Ensure the pods are running.

  1. $
  1. kubectl get pods
  1. NAME READY STATUS RESTARTS AGE
  2. edgedb-977b8fdf6-jswlw 0/2 ContainerCreating 0 16s

The READY 0/2 tells us neither of the two pods have finished booting. Re-run the command until 2/2 pods are READY.

If there were errors you can check EdgeDB’s logs with:

  1. $
  1. kubectl logs deployment/edgedb --container edgedb

Persist TLS Certificate

Now that our EdgeDB instance is up and running, we need to download a local copy of its self-signed TLS certificate (which it generated on startup) and pass it as a secret into Kubernetes. Then we’ll redeploy the pods.

  1. $
  1. kubectl create secret generic cloudsql-tls-credentials \
  2. --from-literal=tlskey="$(
  3. kubectl exec deploy/edgedb -c=edgedb -- \
  4. edgedb-show-secrets.sh --format=raw EDGEDB_SERVER_TLS_KEY
  5. )" \
  6. --from-literal=tlscert="$(
  7. kubectl exec deploy/edgedb -c=edgedb -- \
  8. edgedb-show-secrets.sh --format=raw EDGEDB_SERVER_TLS_CERT
  9. )"
  1. $
  1. kubectl delete -f deployment.yaml
  1. $
  1. kubectl apply -f deployment.yaml

Expose EdgeDB

  1. $
  1. kubectl expose deploy/edgedb --type LoadBalancer

Get your instance’s DSN

Get the public-facing IP address of your database.

  1. $
  1. kubectl get service
  1. NAME TYPE CLUSTER-IP EXTERNAL-IP PORT(S)
  2. edgedb LoadBalancer <ip> <ip> 5656:30841/TCP

Copy and paste the EXTERNAL-IP associated with the service named edgedb.
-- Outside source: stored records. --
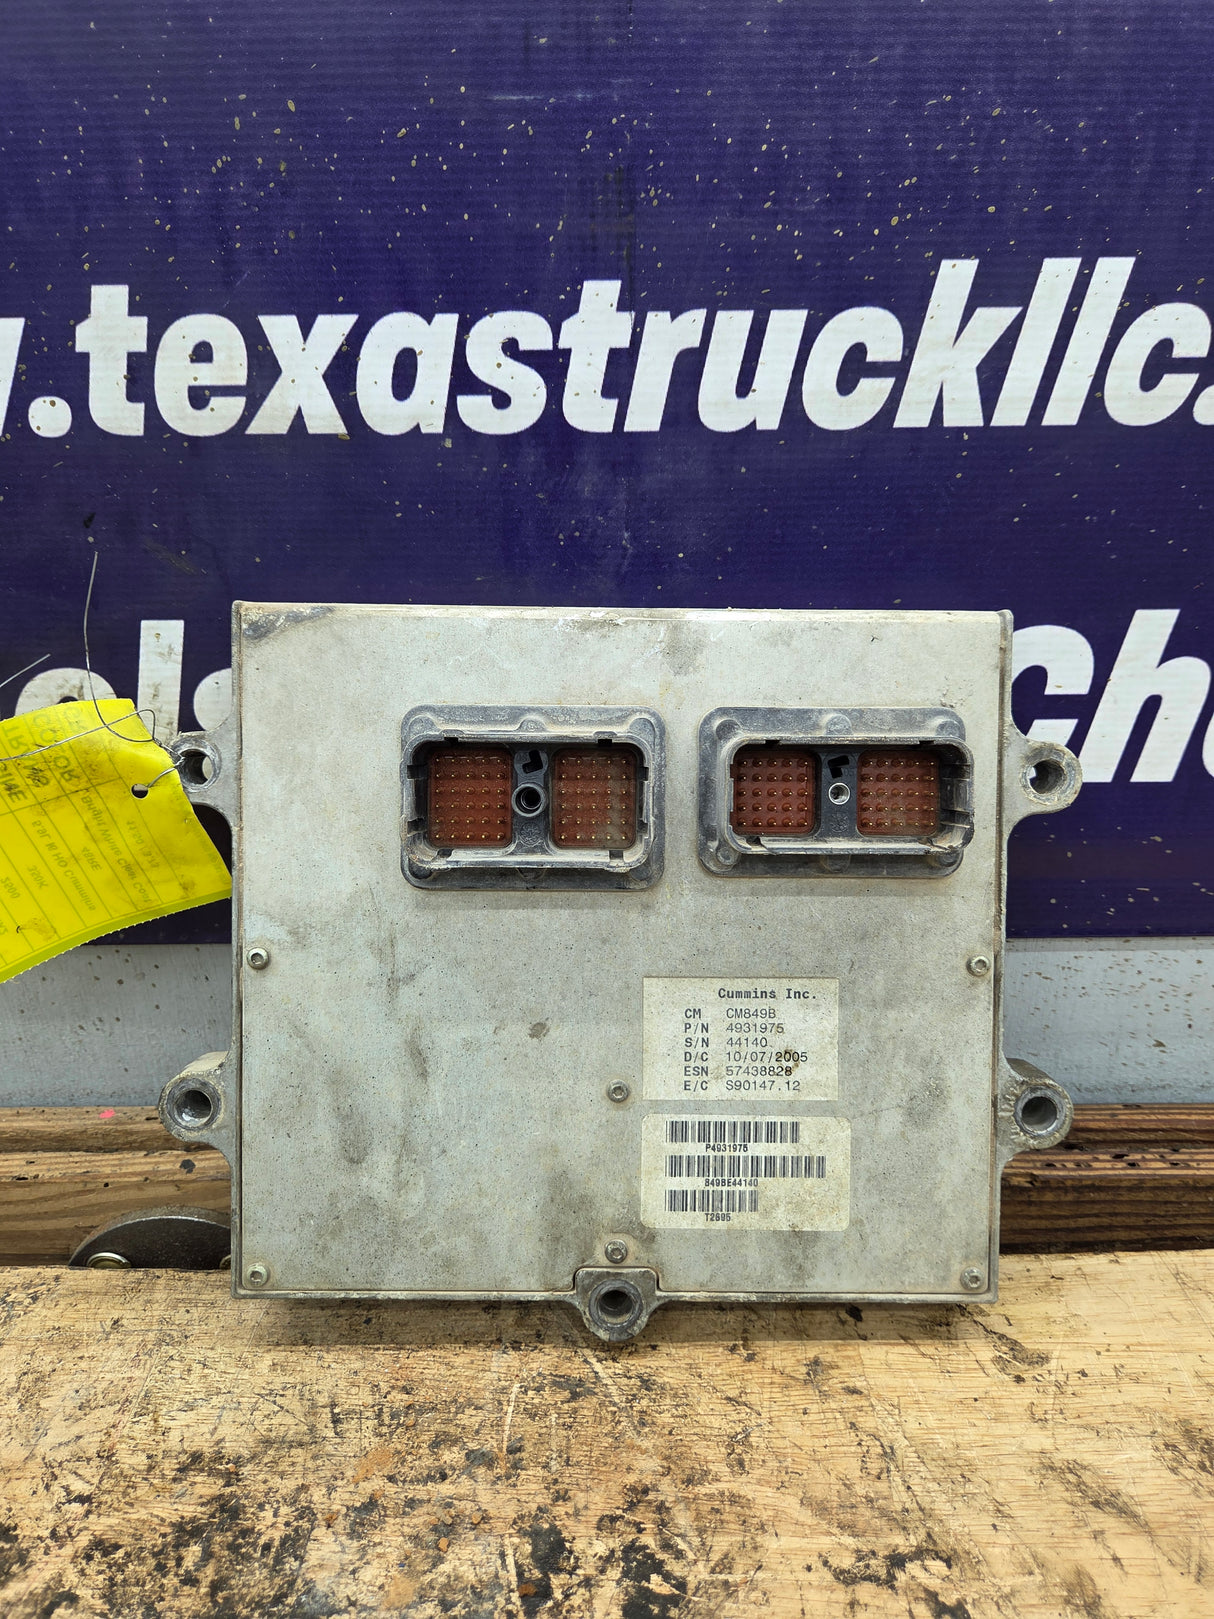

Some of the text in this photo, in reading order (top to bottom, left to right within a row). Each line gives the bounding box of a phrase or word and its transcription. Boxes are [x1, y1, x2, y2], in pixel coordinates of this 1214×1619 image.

[1012, 609, 1214, 783] Ch
[718, 987, 818, 999] Cummins Inc.
[684, 1007, 776, 1019] CM CM849B
[684, 1022, 785, 1034] P/N 4931975
[684, 1037, 768, 1048] S/N 44140
[684, 1051, 808, 1063] D/C 10/07/2005
[684, 1066, 793, 1077] ESN 57438828
[683, 1080, 801, 1092] E/C S90147.12
[705, 1143, 748, 1153] P4931975
With this IP address, you can construct your instance’s DSN:

  1. $
  1. EDGEDB_IP=<copy IP address here>
  1. $
  1. EDGEDB_DSN="edgedb://edgedb:${PASSWORD}@${EDGEDB_IP}"
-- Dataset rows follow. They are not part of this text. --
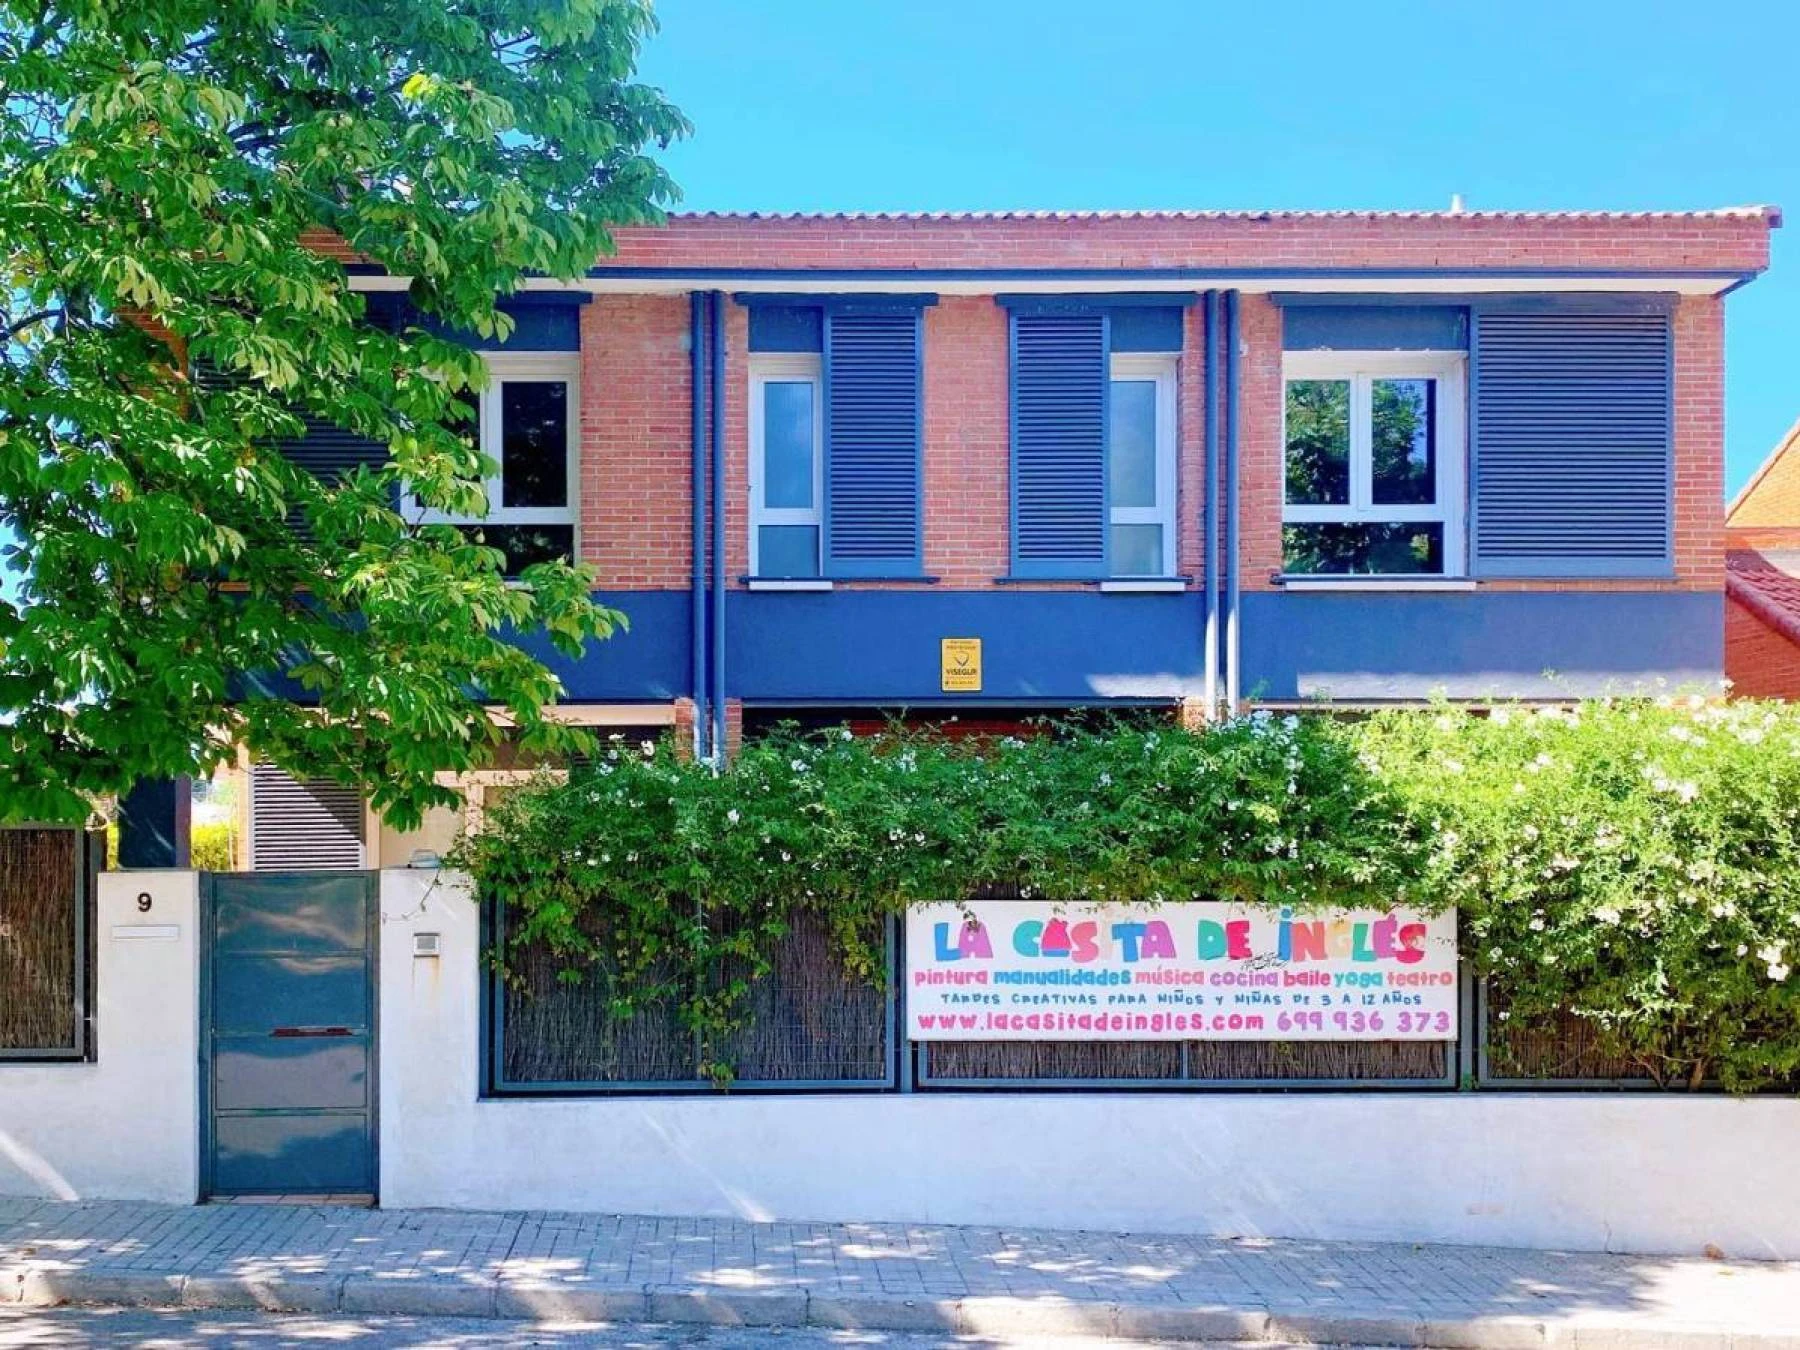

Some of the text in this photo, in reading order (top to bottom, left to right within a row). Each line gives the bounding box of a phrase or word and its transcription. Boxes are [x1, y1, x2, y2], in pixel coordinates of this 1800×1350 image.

[137, 892, 153, 912] 9
[934, 919, 994, 961] LA
[1198, 919, 1252, 961] DE
[914, 965, 1453, 988] pintura manualidades música cocina baile yoga teatro
[1011, 993, 1097, 1005] CREATIVAS
[1108, 993, 1147, 1005] PARA
[1157, 989, 1204, 1005] NIÑOS
[1235, 990, 1282, 1005] NIÑAS
[1342, 994, 1351, 1005] A
[1362, 994, 1376, 1005] 12
[1382, 990, 1422, 1005] AÑOS
[917, 1011, 1450, 1032] www.lacasitadeingles.com 699 936 373
To print the final DSN, you can echo it. Note that you should only run this command on a computer you trust, like a personal laptop or sandboxed environment.

  1. $
  1. echo $EDGEDB_DSN

The resuling DSN can be used to connect to your instance. To test it, try opening a REPL:

  1. $
  1. edgedb --dsn $EDGEDB_DSN --tls-security insecure
  1. \EdgeDB 1.x (repl 1.x)
  2. Type \help for help, \quit to quit.
  3. edgedb> select "hello world!";

In development

To make this instance easier to work with during local development, create an alias using edgedb instance link.

  1. $
  1. echo $PASSWORD | edgedb instance link \
  2. --dsn $EDGEDB_DSN \
  3. --password-from-stdin \
  4. --non-interactive \
  5. --trust-tls-cert \
  6. gcp_instance

You can now refer to the remote instance using the alias instance on your machine called gcp_instance. You can use this alias wherever an instance name is expected; for instance, you can open a REPL:

  1. $
  1. edgedb -I gcp_instance

Or apply migrations:

  1. $
  1. edgedb -I gcp_instance migrate

In production

To connect to this instance in production, set the EDGEDB_DSN environment variable wherever you deploy your application server; EdgeDB’s client libraries read the value of this variable to know how to connect to your instance.